Not that it makes sense to blow it all early, but you have to grab some high priced guys, even if you think you're overpaying.
That was my exacts stake this year...well, that and being extremely inebriated. (Sp.?)
Definitely been there. Though, usually, if I make sure and drink enough before/during the draft, it helps me make sure to bid those extra bucks early.

 
Next year I am bidding early and aggressively on the first Rb or wr I really like whether its my preferred guy or not. The earlier you grab a stud the cheaper you will pay.
Highlighted for importance, for future FBG'ers conducting forum searches. No matter what year or what format your auction takes, this is typically the one constant.

Every year, almost without exception, the first stud nominated winds up going off the block for less than he would have had he been the last stud off the block. Often he goes for fewer actual dollars than later nominees ranked a tier below him! This usually, but not always, applies to the first stud nominated at each position, as well.

I won't make a blanket statement that "studs and duds" is the way to go - it's very draft-dependent - but I will say that you want a couple of studs on your team no matter what ... and you want them early.
Completely agree. Even to the point of tossing cute nomination strategies out the window early. Put your guy up right away and get him. I did this with Richardson and Wilson last night. I may not be overjoyed by the prices because both have been rising in general, but had I let them linger, the position/tiers become depleted, there's no doubt they would have cost more.

Like you said, this isn't fool proof. Two guys could be mad about McCoy and go nuts early. But as a general leg up on a league, get your studs while the gettin's good.

 
There is absolutely no worse auction situation to be in than holding your money and realizing, as is always the case, that you weren't the only one. Next thing you know, you are in a bidding war with the other idiot for mediocre or bad players.Not that it makes sense to blow it all early, but you have to grab some high priced guys, even if you think you're overpaying.
To build on this thought, there are three reasons "early" is at least as important as "high priced" in this context:

1) Earlier studs at a position are usually better value, since (as has already been mentioned multiple times) the remaining first-tier pool usually gets overbid as owners start to panic.

2) Especially if it's your league's first year as an auction (or your first year joining an existing one), you won't necessarily know what "overpaying" means.
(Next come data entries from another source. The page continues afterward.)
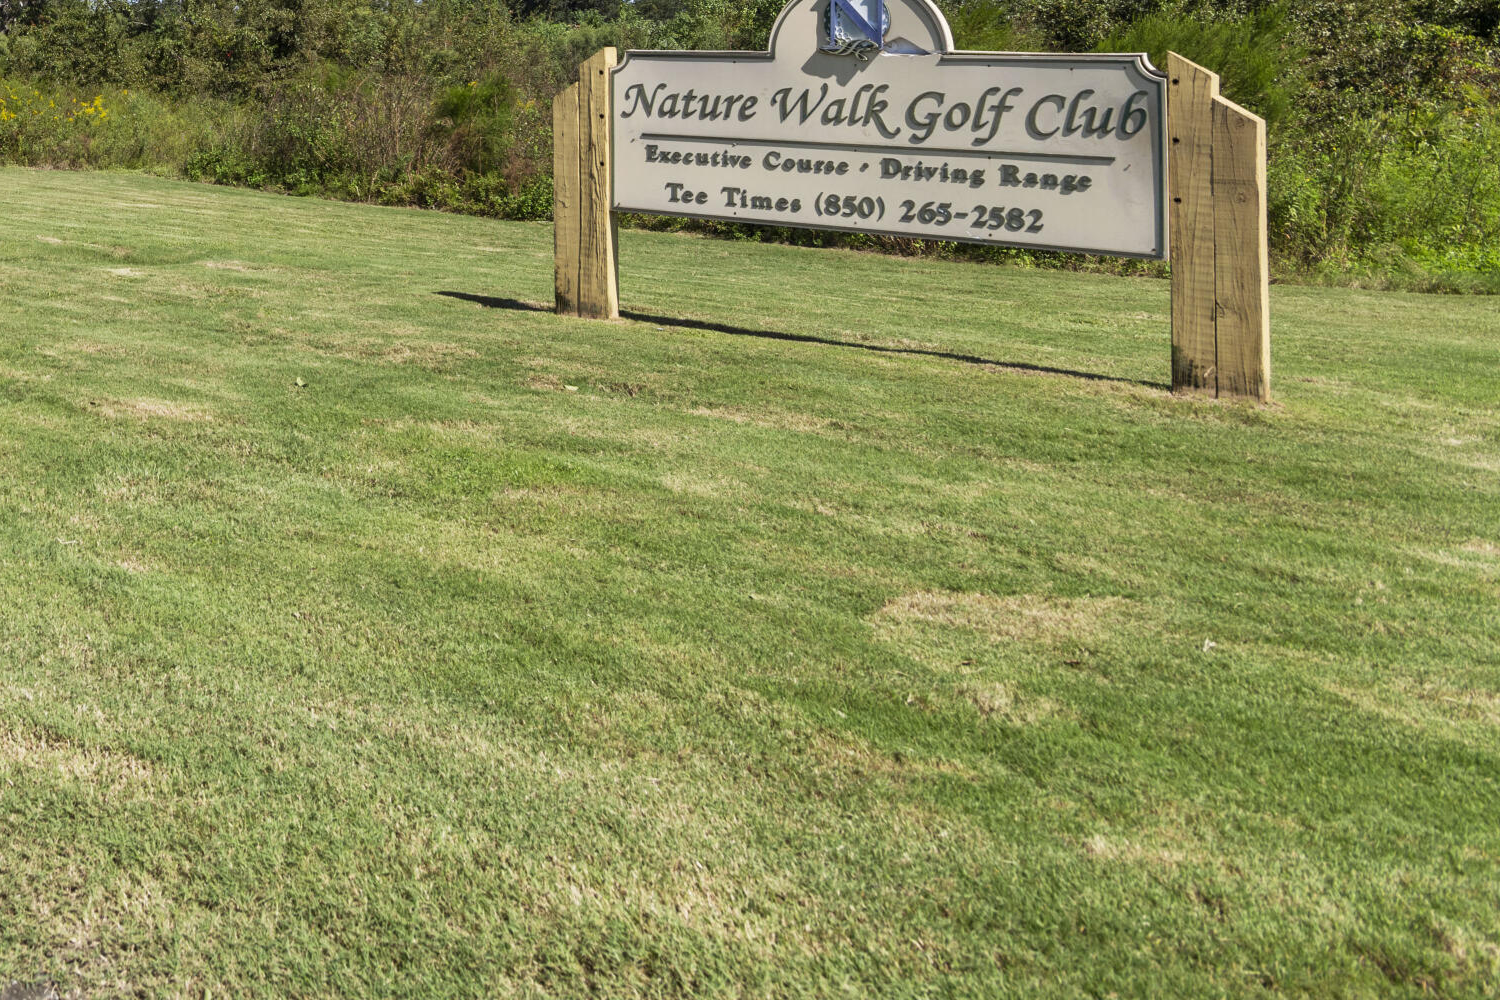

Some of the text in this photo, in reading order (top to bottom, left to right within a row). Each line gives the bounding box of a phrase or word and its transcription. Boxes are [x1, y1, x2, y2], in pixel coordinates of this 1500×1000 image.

[620, 83, 1149, 146] Nature Walk Golf Club
[645, 144, 1092, 195] Executive Course Driving Range
[665, 182, 1044, 234] Tee Times (850) 265-2582
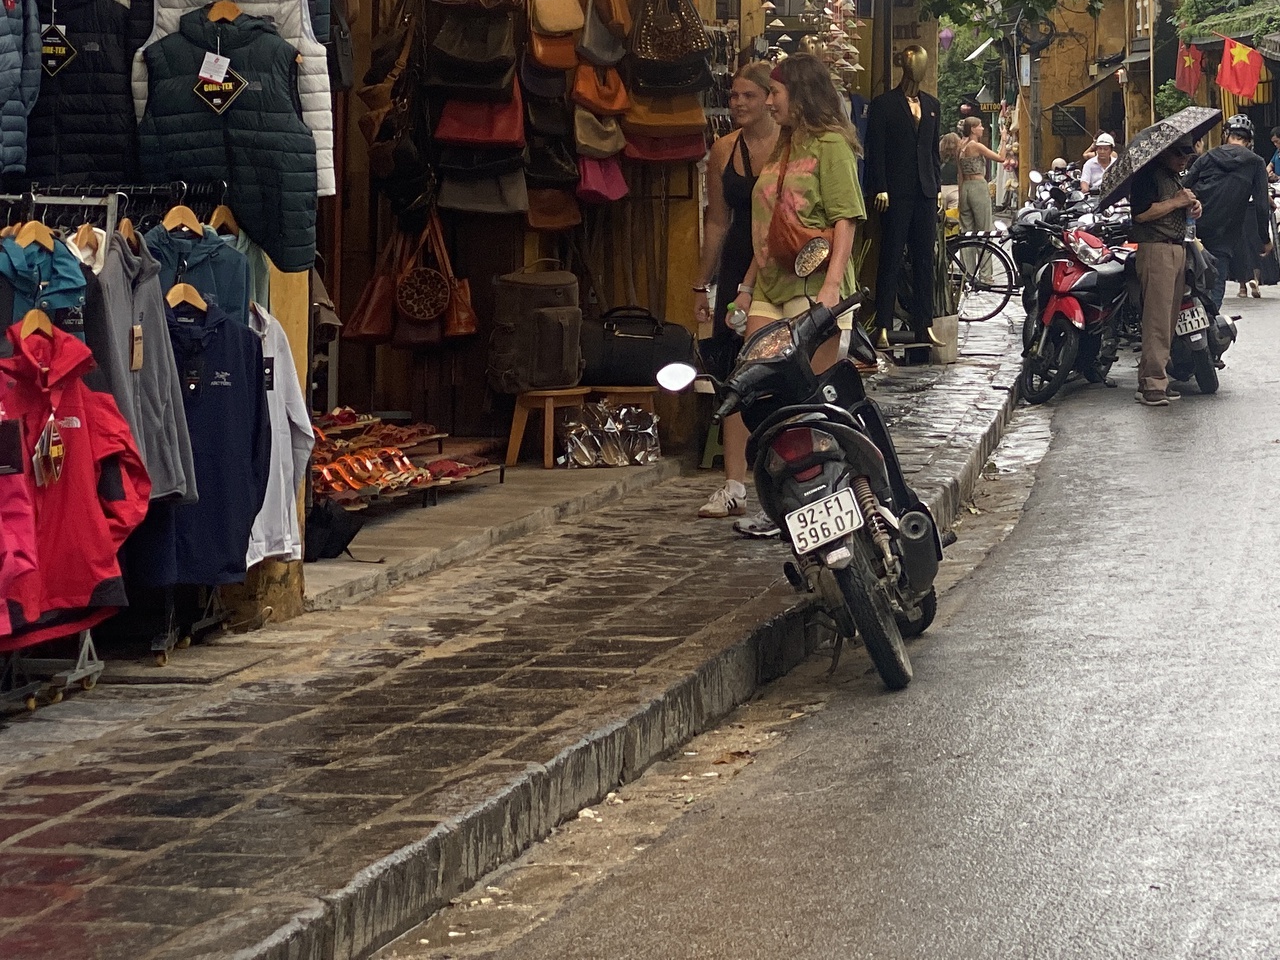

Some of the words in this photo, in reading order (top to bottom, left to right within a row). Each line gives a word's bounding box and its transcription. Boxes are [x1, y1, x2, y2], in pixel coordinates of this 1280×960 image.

[980, 103, 1000, 111] TATTOO
[1178, 317, 1206, 333] 171.71
[804, 484, 827, 496] HONDA
[796, 496, 843, 529] 92-F1
[796, 509, 854, 549] 596.07
There are leagues where some or even most owners pay a ridiculous "stud premium", but the only way to find that out is to bid up a couple of studs early - not to nosebleed levels, but often a couple of bucks over what you'd consider "fair value". If the studs are all going to go for 50% more than fair value, better to know that right out of the gate and move to plan B for your draft immediately than to have it dawn on you after you miss out on a "relative bargain" or two in the early going by refusing to go a buck higher. Alternatively, if owners tend to undervalue the top tier, you pick up your studs right away at value prices - the best of both worlds.
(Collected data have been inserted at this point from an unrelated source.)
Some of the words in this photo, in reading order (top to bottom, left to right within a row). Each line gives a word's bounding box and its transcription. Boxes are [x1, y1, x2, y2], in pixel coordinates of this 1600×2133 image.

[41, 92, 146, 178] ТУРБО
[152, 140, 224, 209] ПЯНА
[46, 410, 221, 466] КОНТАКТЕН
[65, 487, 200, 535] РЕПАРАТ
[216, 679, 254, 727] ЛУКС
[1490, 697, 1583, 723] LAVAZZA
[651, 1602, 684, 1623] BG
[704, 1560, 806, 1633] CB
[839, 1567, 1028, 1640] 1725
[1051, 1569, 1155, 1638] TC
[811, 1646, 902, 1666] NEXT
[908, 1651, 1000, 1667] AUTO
3) You want to be in the best shape to capitalize on the fantastic values that inevitably pop up down the line, usually on guys in the 80th-110th overall ADP area. Nailing down a couple of studs early, rather than a bunch of 3rd- and 4th-round talents later, permits you maximum flexbility to take advantage of these ... because after picking up 2 or 3 of the top 25, you usually won't be able to afford much in the way of 3rd- and 4th-round talents (who IMO are typically poor value anyway), thus preserving not just your bankroll but your roster space. Every year I see multiple owners miss out on a stud RB or WR, pour $100+ into a stable of second- and third-tier guys to compensate, then watch helplessly as the equivalent of D-Rich or DeSean goes off the board for a third of fair value after they're tapped out and/or up against positional caps. You want to be the guy snagging Cecil Shorts for $2 an hour and a half in, not the one banging your head for missing out on him.